I shake my head and twist my ring finger, the trick you taught me.
Jackson reaches into his backpack and pulls out a copy of last month’s Entertainment Weekly. “This’ll help you take your mind off of it.”
I go straight for the movie reviews, but in no time a flight attendant calls for our attention and delivers all sorts of safety instructions about where to find oxygen masks and how to locate exit doors. Jackson is reading his own magazine, which annoys me a little because he’s responsible for me on this flight. “Do you have this memorized?”
He answers me by quoting the flight attendant and mimicking her movements. “I’ve flown a few times,” Jackson says. “We’re going to be okay.”
Within minutes the plane is moving down the runway and it feels like driving down the highway. Except cars don’t pick up speed the way this planes does; cars never make me so nervous that I grab the door handle the way I’m gripping the armrest. Cars don’t shake violently like this. Cars definitely don’t lift at the front and take off into the air.
Jackson’s hand rests on top of mine, hesitantly. I don’t pull away, and his hand expands, holding mine. “How are you feeling?”
The plane swerves left and I’m certain this is it; we’re going to crash. I look out the window during this shift and it’s sad how this plane didn’t even get high enough to make the people in the freezing city below seem small, like ants in the snow. The plane finds its center. The captain announces our flight will be a little over five hours and that attendants will be around shortly with refreshments.
“That’s it?” I ask.
“That’s it,” Jackson says, releasing my hand.
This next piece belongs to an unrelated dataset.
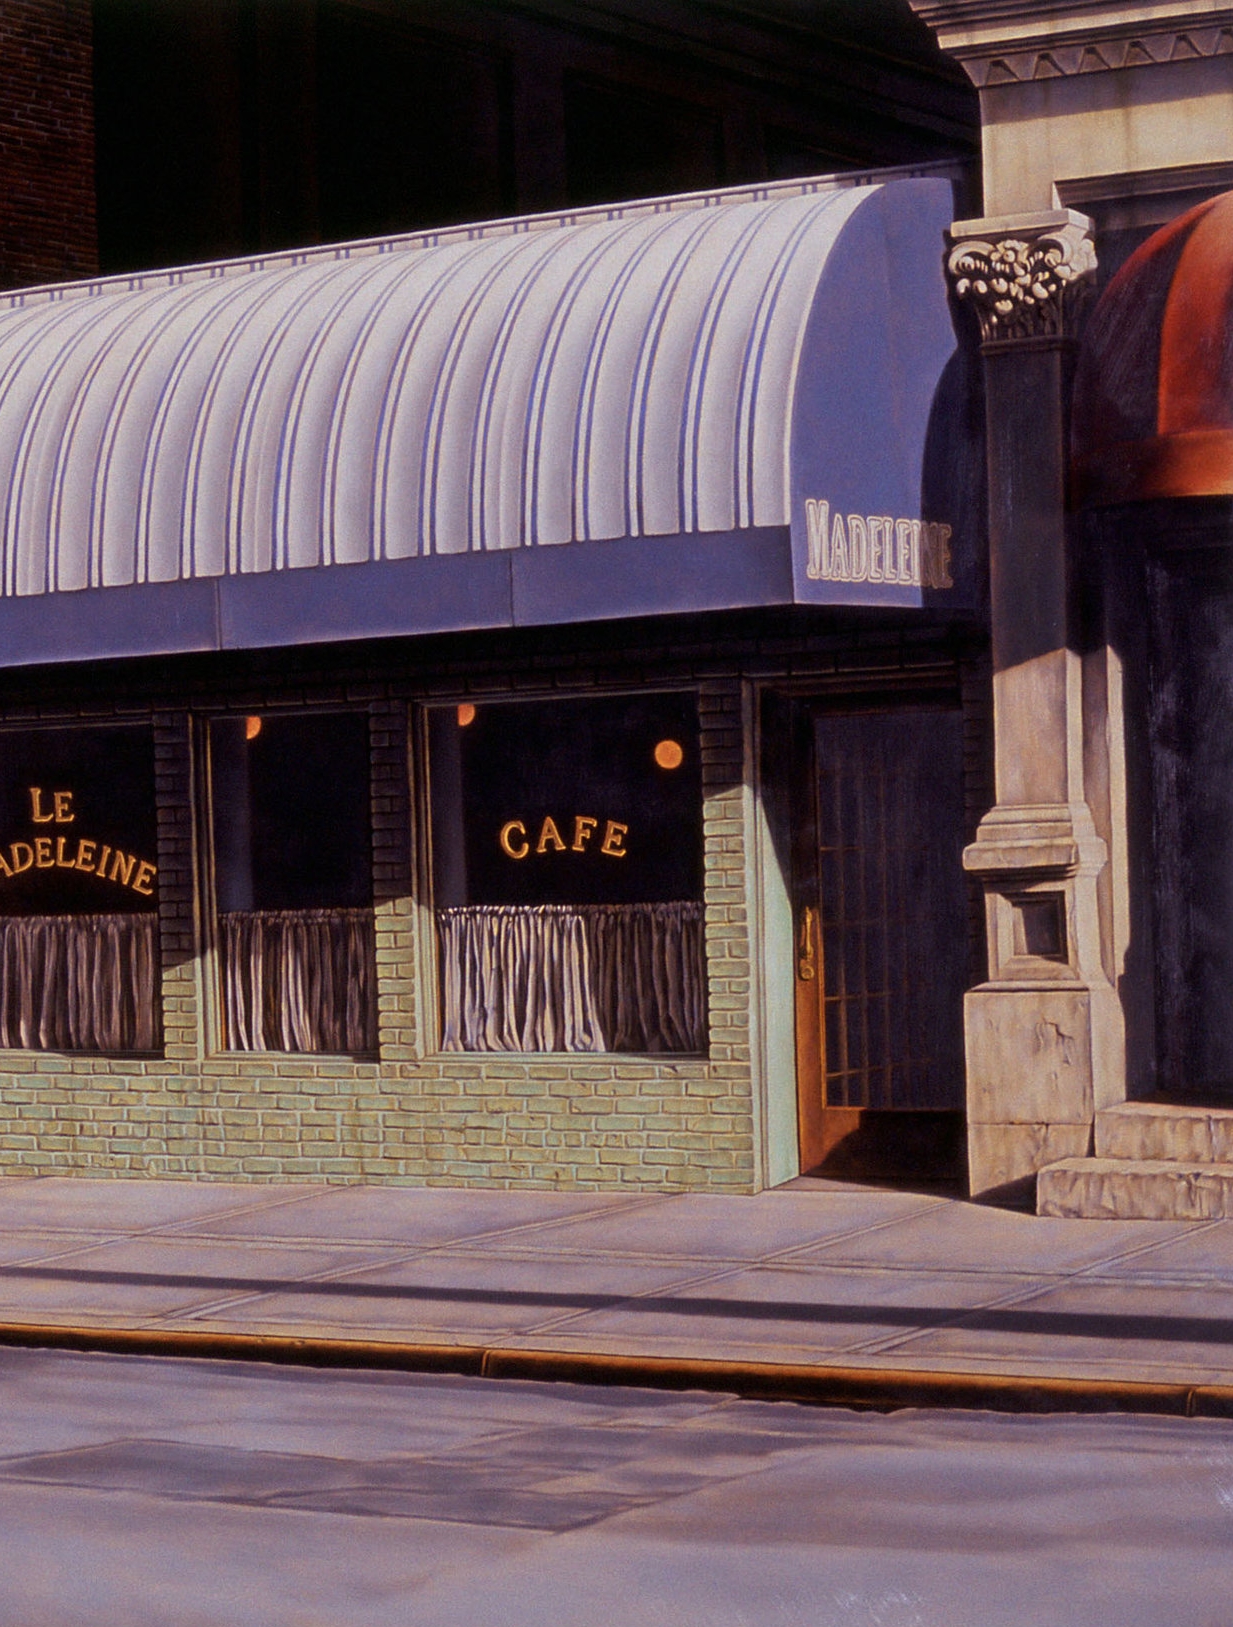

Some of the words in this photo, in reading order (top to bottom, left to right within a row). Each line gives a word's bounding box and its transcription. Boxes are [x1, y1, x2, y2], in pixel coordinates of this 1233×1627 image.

[805, 498, 954, 589] MADELEINE
[30, 787, 75, 823] LE
[500, 816, 628, 859] CAFE
My heart is still thumping. “Were you ever scared to fly?”
“It’s probably better for me to answer this after we land.”
“We’re already up in the air. Whatever is going to happen is going to happen,” I say.
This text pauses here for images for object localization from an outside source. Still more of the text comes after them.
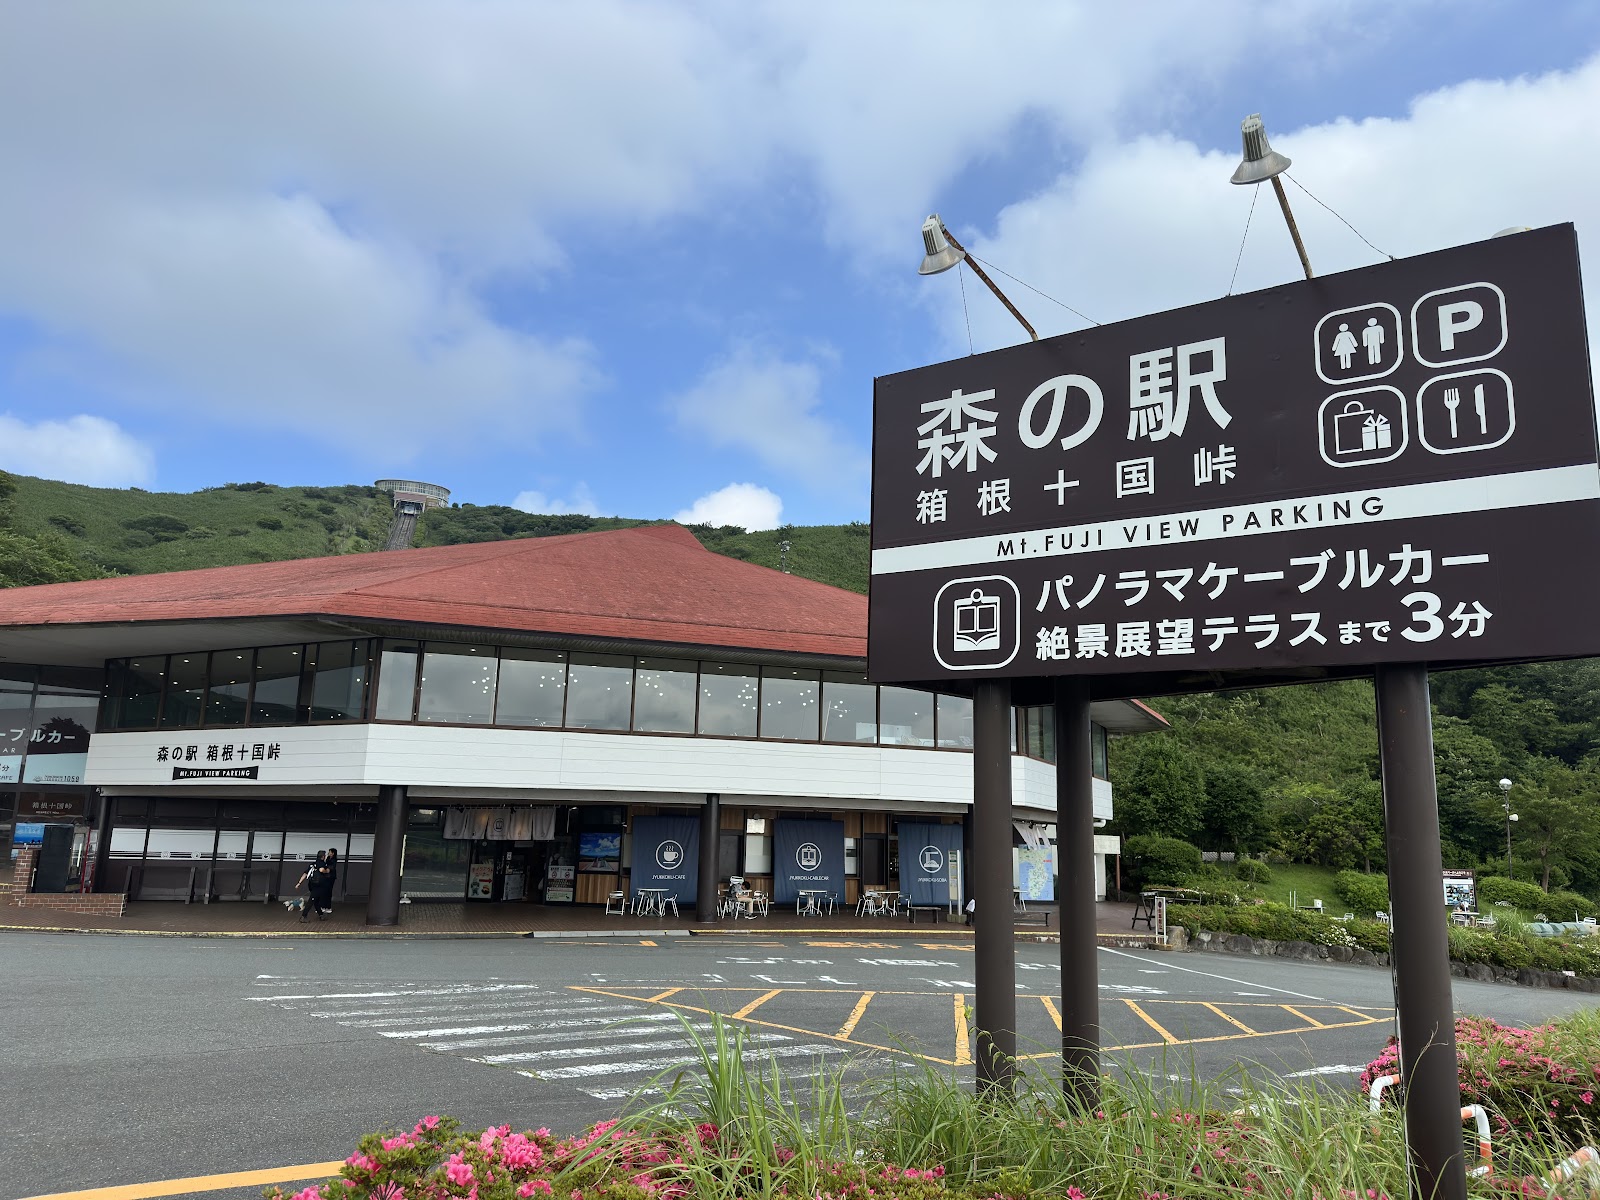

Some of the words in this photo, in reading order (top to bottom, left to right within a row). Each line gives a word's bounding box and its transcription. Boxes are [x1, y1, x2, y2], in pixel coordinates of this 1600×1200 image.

[1438, 300, 1484, 352] P
[916, 336, 1233, 479] 森の駅
[916, 444, 1237, 525] 箱根十国峠
[996, 528, 1103, 557] Mt.FUJI
[1122, 517, 1200, 543] VIEW
[1221, 496, 1385, 532] PARKING
[1036, 543, 1490, 612] パノラマケーブルカー
[156, 746, 198, 762] 森の駅
[206, 743, 281, 761] 箱根十国峠
[222, 769, 251, 777] PARKING
“You’re not going to parachute out of here?” Jackson asks.
“I have no idea how to get out of this seatbelt. I’m not going anywhere.”
“I still get really nervous, and I’m not sure when that will stop,” he admits. “It’s weird, because my dad is a pilot. Or maybe that’s the reason. I’m always a little on edge. This may sound selfish or horrible, but the only time I felt sort of ready for any tragedy was when I was with Theo.”
“Was he brave on planes?”
I’m asking Jackson to tell me something about you I don’t know while I’m flying. What a day, huh?
“Theo was funny. He’s the reason I buy magazines for flights instead of watching a movie or something. He would go through all the features, stuff like ‘Who Wore It Best?’ and would owe himself a dollar every time he was able to guess the right actor or actress for the celebrity crossword puzzles.”
I might cry. This isn’t a bad cry. This isn’t one of my I-never-got-to-do-this-with-you cries, I swear. It’s one of my I-might-have-a-laugh-attack-if-I-keep-thinking-of-this cries, which are good. I’m hit with a realization: the Theo you were with him isn’t the Theo you were with me, and maybe that’s okay. I’ve been so desperate to know who you were becoming, I never stopped to think about how everything that made you my favorite person could’ve changed. Maybe you didn’t outgrow me; you just became someone else. It doesn’t make me want to know the new you any less, but it makes me feel a little less worthless.
“That’s really funny,” I say, picturing you hovering over crossword puzzles the same way you did jigsaw puzzles, except with a few bucks fanned out before you and rewarding-slash-deducting from yourself every time you got something right. “So being with Theo is the only time you felt safe?”
“Not safe. Comforted. Knowing I’d be able to hold Theo’s hand or hug him if anything happened, comforted me. I knew I wouldn’t be leaving Theo behind if I died alone.”
It’s screwed up, but it makes sense. “Then Theo drowned in front of you.” The words just pop out of my mouth. It’s the first time I’ve said it out loud, and it shocks him too. He tenses up and tucks his hands between his legs, squeezing them tight, like he’s locking them away. Even as we’re on our way to celebrate how you lived and to visit the beach where you died, we haven’t crossed this line yet.
You left us alone. Your death made us each a piece in this awkward puzzle that doesn’t completely come together, but it’s enough to make out the image: two boys in love with someone who is never coming back.
I shouldn’t have brought this up. It was a shitty thing to say to Jackson. He has to live with how he wasn’t able to save you. I was lucky enough to be spared that tragedy.
We’re pretty quiet for the next five hours. I even get a couple of brief naps in. When the plane slows and dips down, I jerk upright, tensing. Then the pilot announces we’ve begun our descent and to make sure our seatbelts are on. Jackson side-eyes me and laughs.